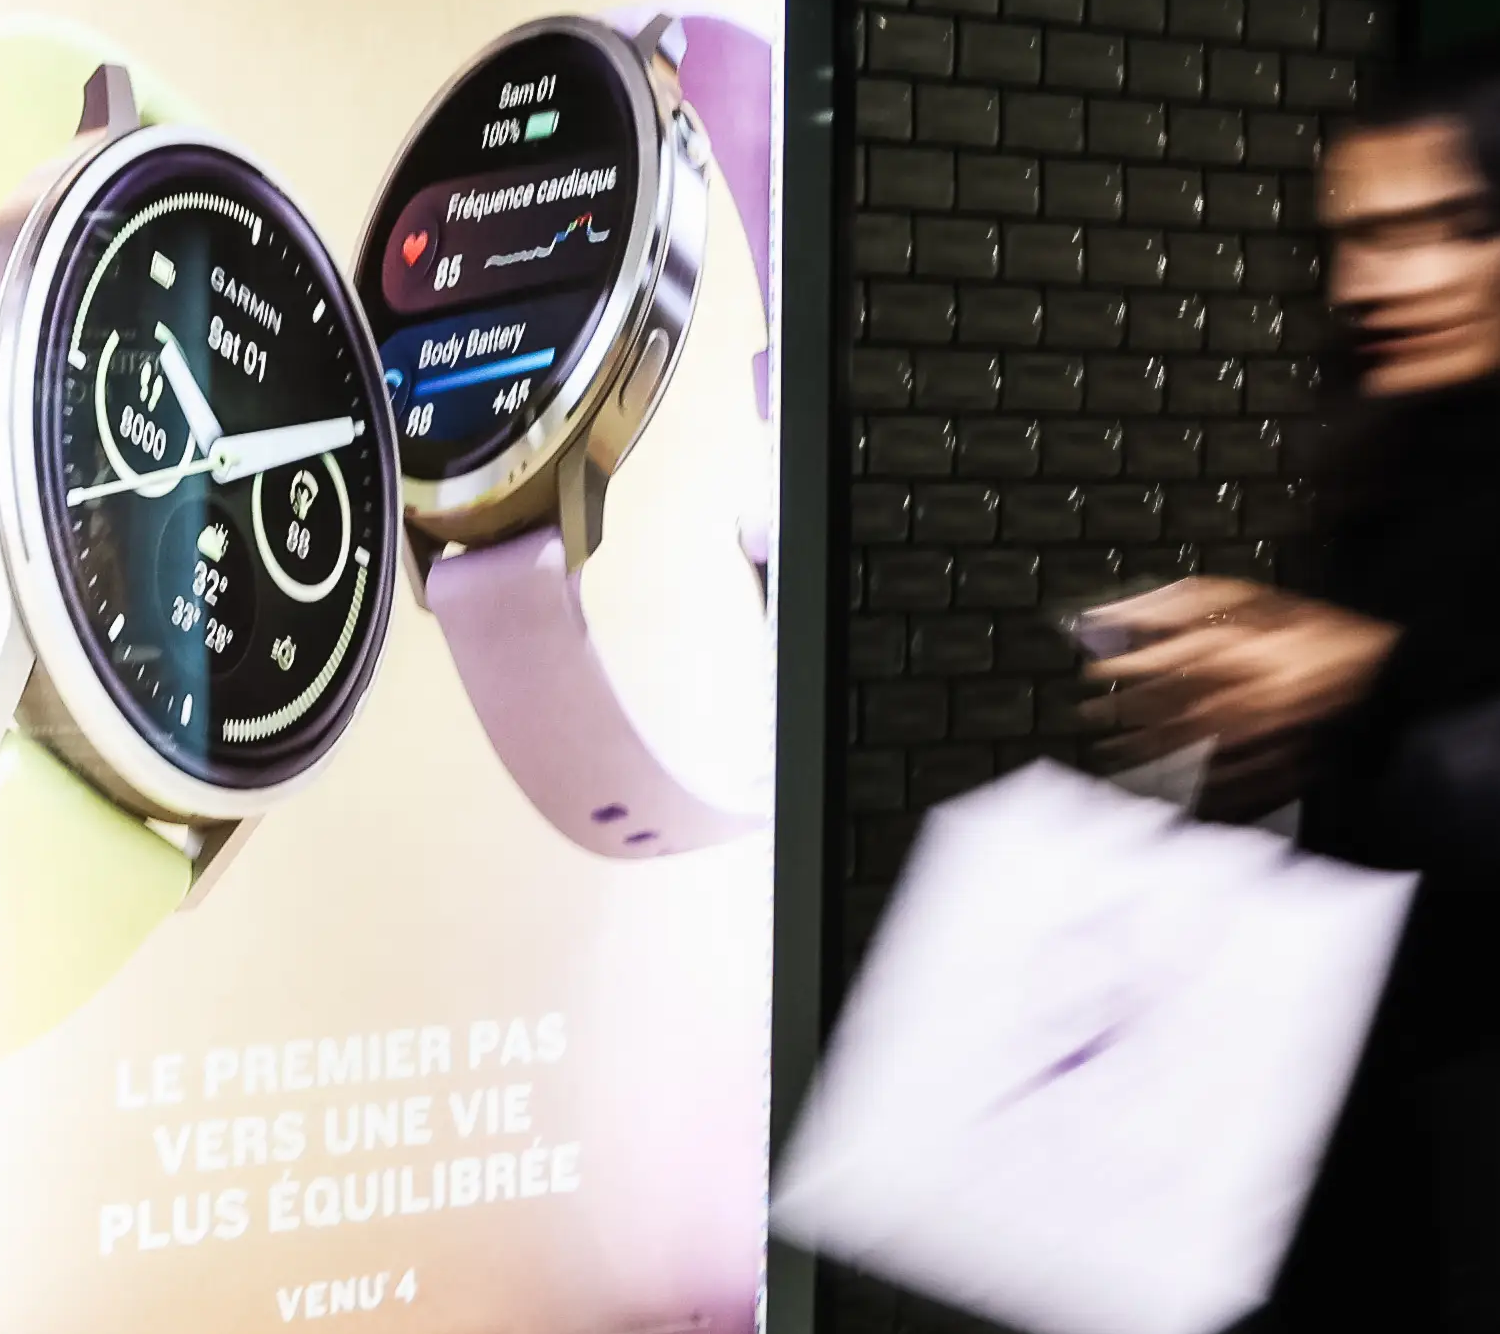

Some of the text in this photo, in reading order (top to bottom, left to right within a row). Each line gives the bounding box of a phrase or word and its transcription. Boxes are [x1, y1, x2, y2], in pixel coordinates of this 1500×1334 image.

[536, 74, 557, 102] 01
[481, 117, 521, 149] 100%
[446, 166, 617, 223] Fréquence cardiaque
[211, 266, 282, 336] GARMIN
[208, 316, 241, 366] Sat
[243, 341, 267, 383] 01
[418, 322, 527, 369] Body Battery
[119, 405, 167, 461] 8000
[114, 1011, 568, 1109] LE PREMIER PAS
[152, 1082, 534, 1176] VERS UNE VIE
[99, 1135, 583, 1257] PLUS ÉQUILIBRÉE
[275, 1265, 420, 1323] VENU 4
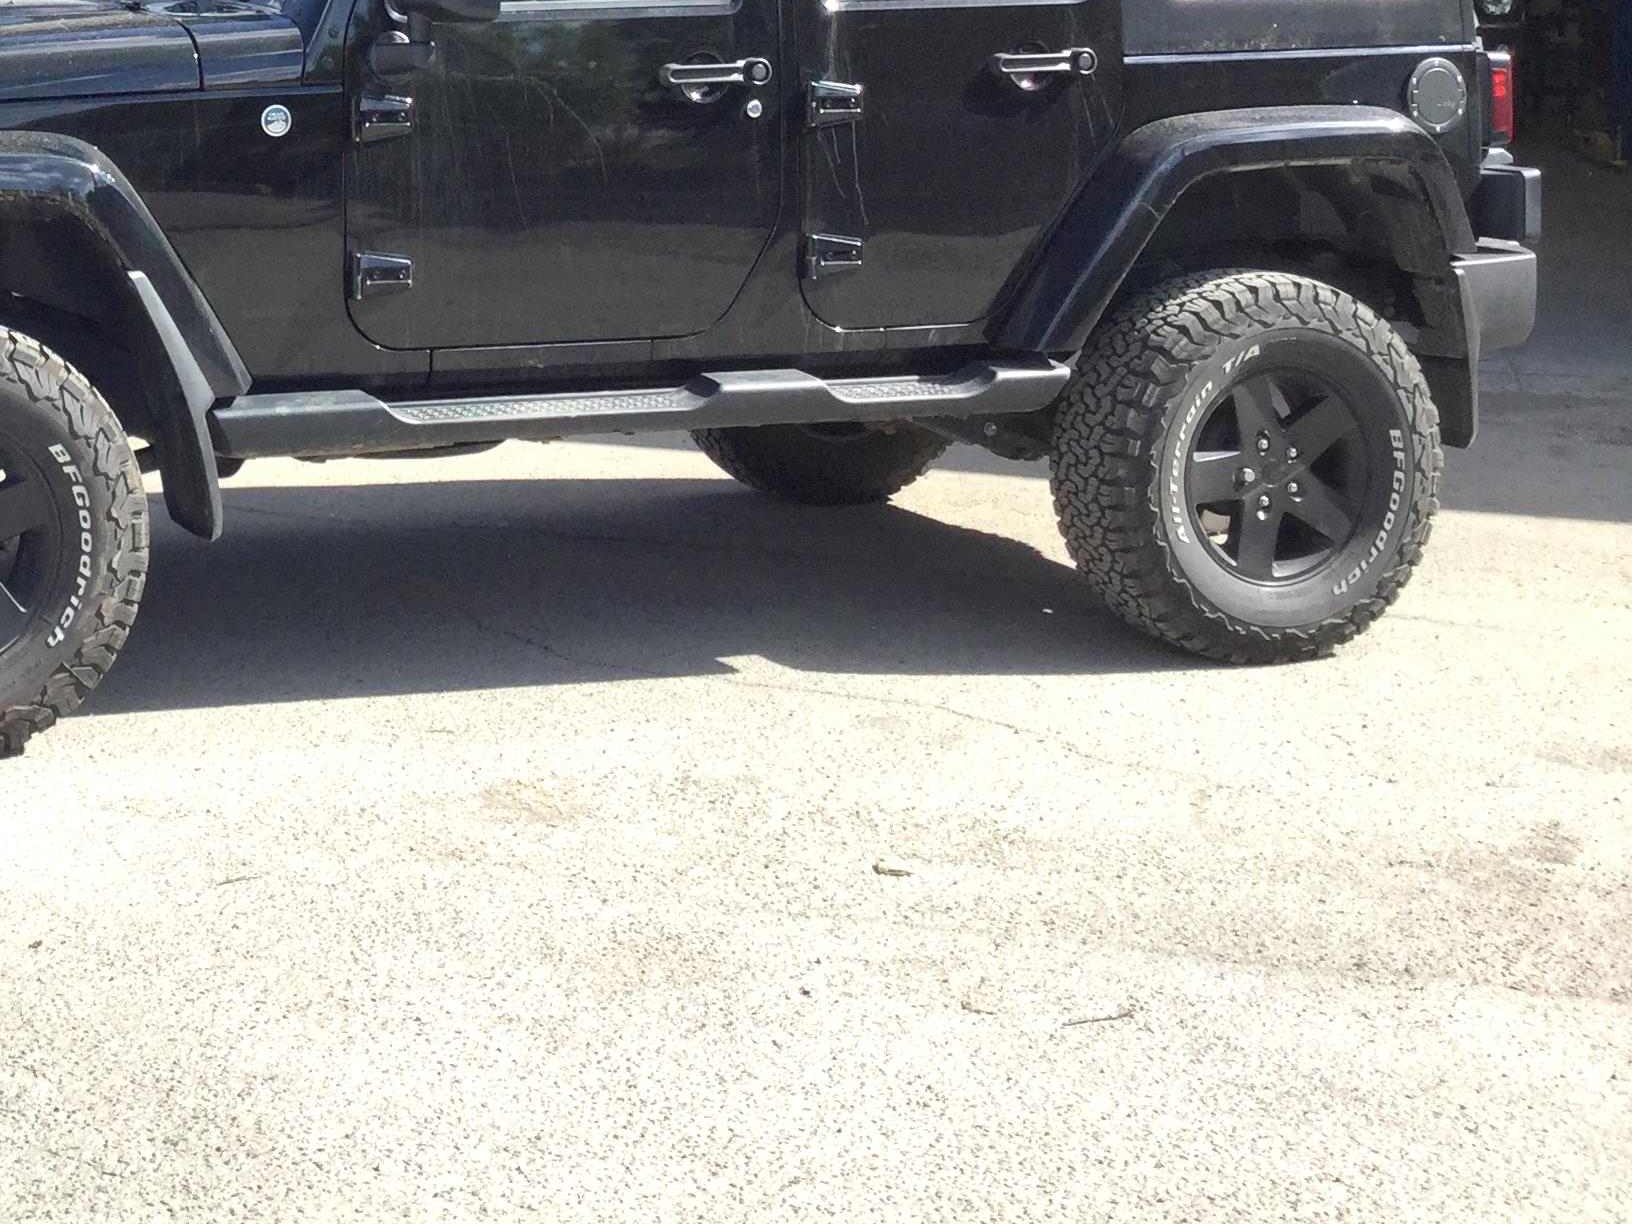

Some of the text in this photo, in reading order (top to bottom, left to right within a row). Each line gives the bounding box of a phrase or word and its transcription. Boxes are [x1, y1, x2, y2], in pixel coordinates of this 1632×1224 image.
-----
* Instructions for the task:
Your copy of the listing should match it exactly, apart from the pictures, which are left out.

* Task answer:
Some of the text in this photo, in reading order (top to bottom, left to right within a row). Each line gives the bounding box of a phrase or word and its transcription. Boxes are [x1, y1, x2, y2], in pixel coordinates of this 1500×1334 image.

[536, 74, 557, 102] 01
[481, 117, 521, 149] 100%
[446, 166, 617, 223] Fréquence cardiaque
[211, 266, 282, 336] GARMIN
[208, 316, 241, 366] Sat
[243, 341, 267, 383] 01
[418, 322, 527, 369] Body Battery
[119, 405, 167, 461] 8000
[114, 1011, 568, 1109] LE PREMIER PAS
[152, 1082, 534, 1176] VERS UNE VIE
[99, 1135, 583, 1257] PLUS ÉQUILIBRÉE
[275, 1265, 420, 1323] VENU 4

Some of the text in this photo, in reading order (top to bottom, left to right within a row). Each line gives the bounding box of a phrase or word and its transcription. Boxes are [x1, y1, x2, y2], in pixel coordinates of this 1632×1224 image.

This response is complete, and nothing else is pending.